* _What the task requires_
Your answer must be an exact copy of the records, with no pictures included.

Segment Start: Source material

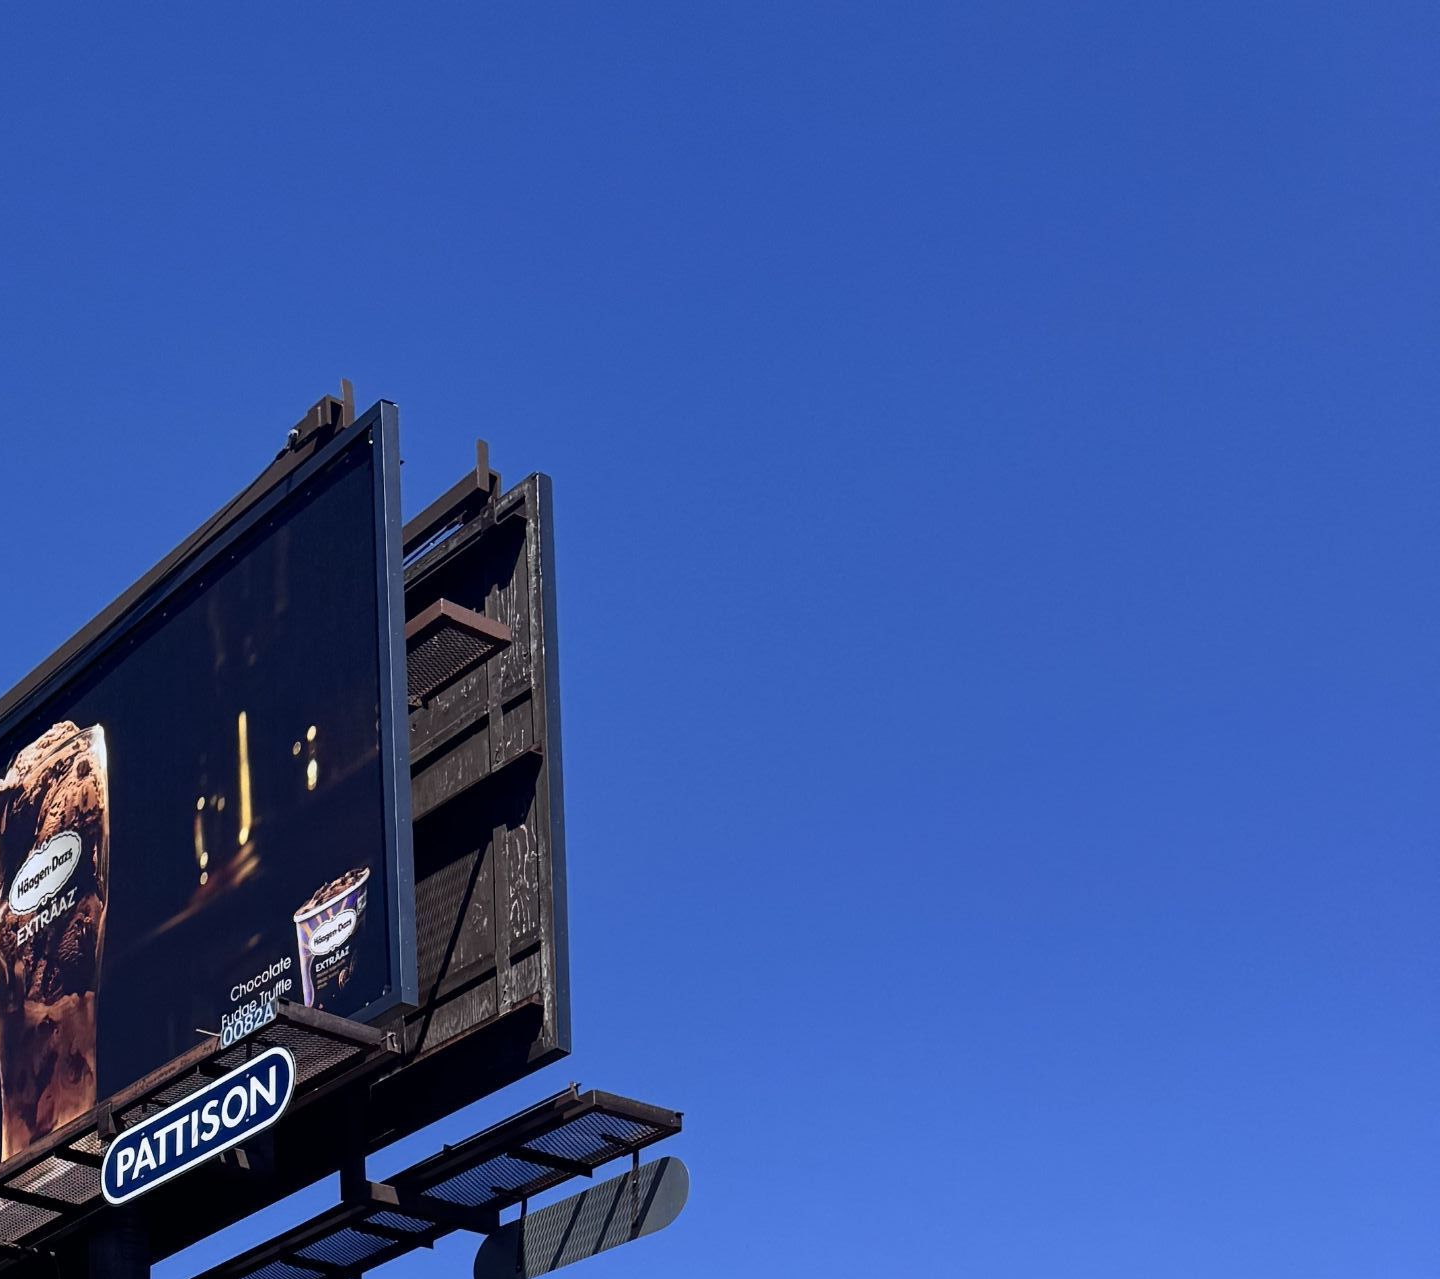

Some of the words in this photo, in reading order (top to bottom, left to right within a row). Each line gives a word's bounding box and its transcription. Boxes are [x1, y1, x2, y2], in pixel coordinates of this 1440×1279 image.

[16, 889, 77, 947] EXTRÄAZ
[230, 957, 292, 1002] Chocolate
[259, 978, 293, 1007] Truffle
[223, 1001, 275, 1046] 0082A
[116, 1065, 278, 1188] PATTISON
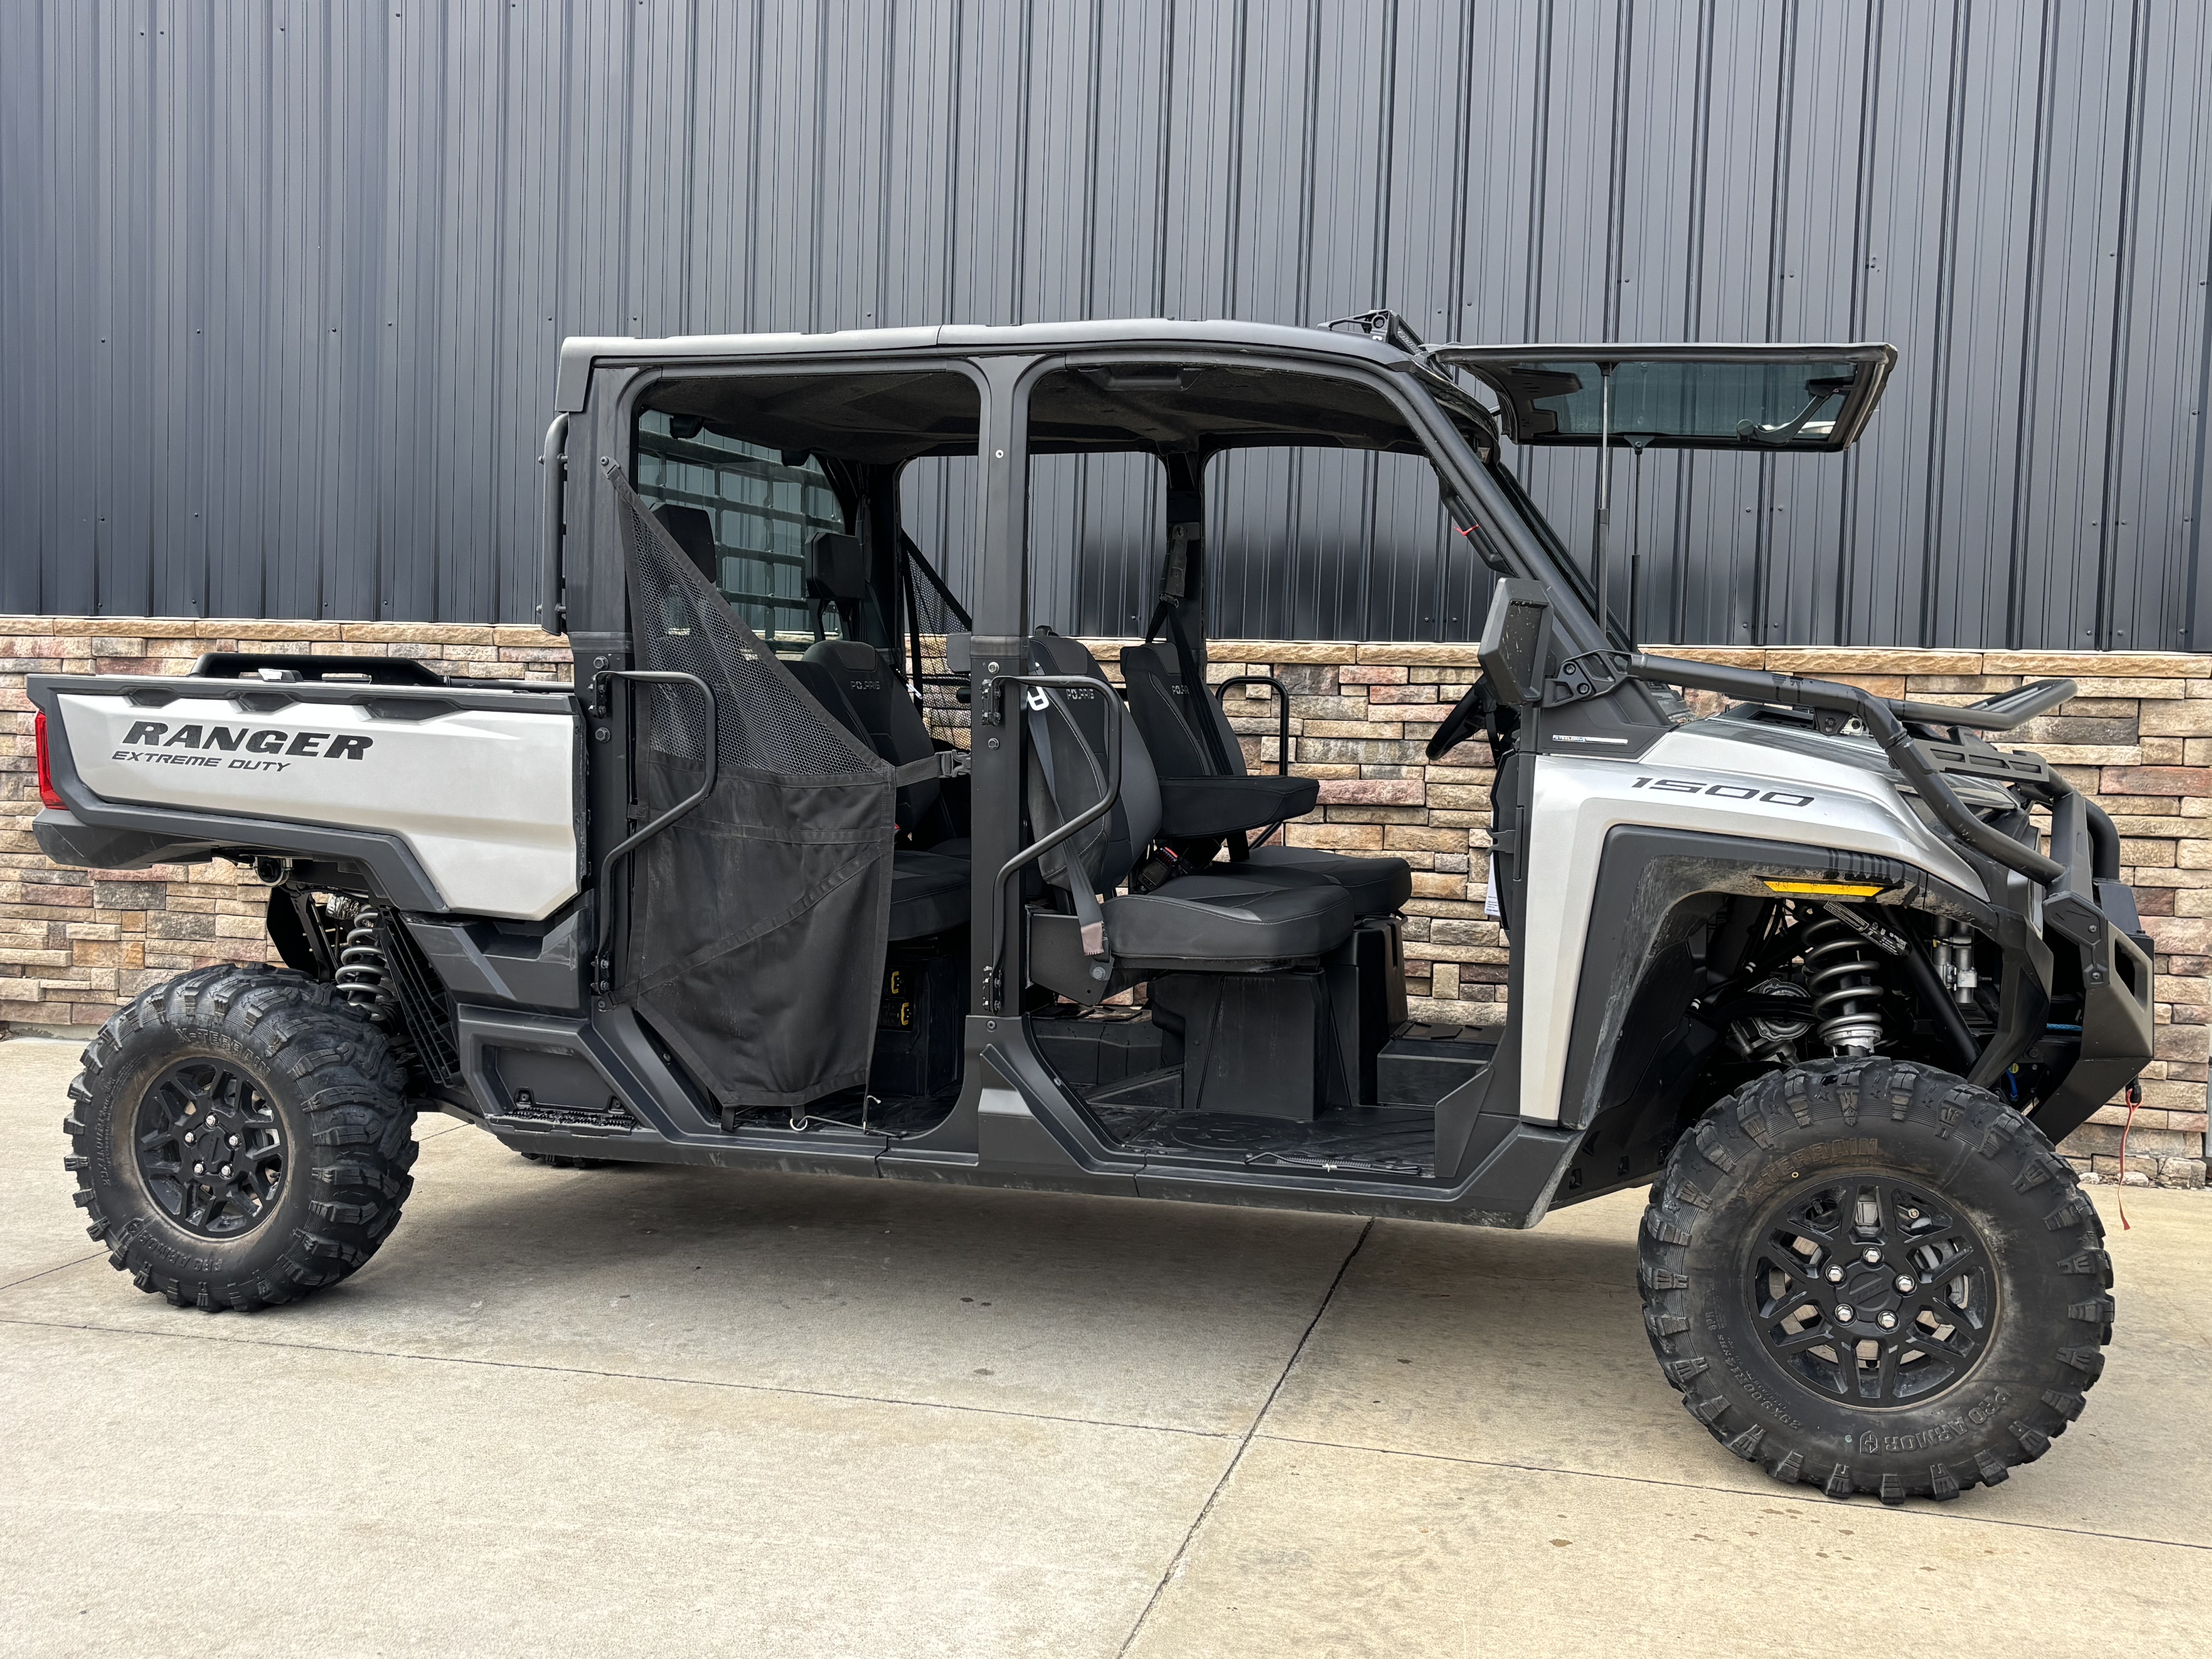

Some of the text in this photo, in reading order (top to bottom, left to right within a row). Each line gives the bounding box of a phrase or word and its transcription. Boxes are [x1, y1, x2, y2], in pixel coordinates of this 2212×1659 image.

[850, 680, 880, 690] POLARIS
[112, 750, 291, 772] EXTREME DUTY
[122, 721, 374, 760] RANGER
[1632, 777, 1815, 807] 1500
[175, 1028, 271, 1079] X-TERRAIN
[1736, 1138, 1879, 1204] X-TERRAIN
[138, 1230, 222, 1272] PRO ARMOR
[1724, 1356, 1804, 1431] 29X9.00R14
[1884, 1386, 2011, 1453] PRO ARMOR

Segment End: Source material

* _Task response_
Some of the words in this photo, in reading order (top to bottom, left to right within a row). Each line gives a word's bounding box and its transcription. Boxes are [x1, y1, x2, y2], in pixel coordinates of this 1440×1279 image.

[16, 889, 77, 947] EXTRÄAZ
[230, 957, 292, 1002] Chocolate
[259, 978, 293, 1007] Truffle
[223, 1001, 275, 1046] 0082A
[116, 1065, 278, 1188] PATTISON

Some of the text in this photo, in reading order (top to bottom, left to right within a row). Each line gives the bounding box of a phrase or word and its transcription. Boxes are [x1, y1, x2, y2], in pixel coordinates of this 2212×1659 image.

[850, 680, 880, 690] POLARIS
[112, 750, 291, 772] EXTREME DUTY
[122, 721, 374, 760] RANGER
[1632, 777, 1815, 807] 1500
[175, 1028, 271, 1079] X-TERRAIN
[1736, 1138, 1879, 1204] X-TERRAIN
[138, 1230, 222, 1272] PRO ARMOR
[1724, 1356, 1804, 1431] 29X9.00R14
[1884, 1386, 2011, 1453] PRO ARMOR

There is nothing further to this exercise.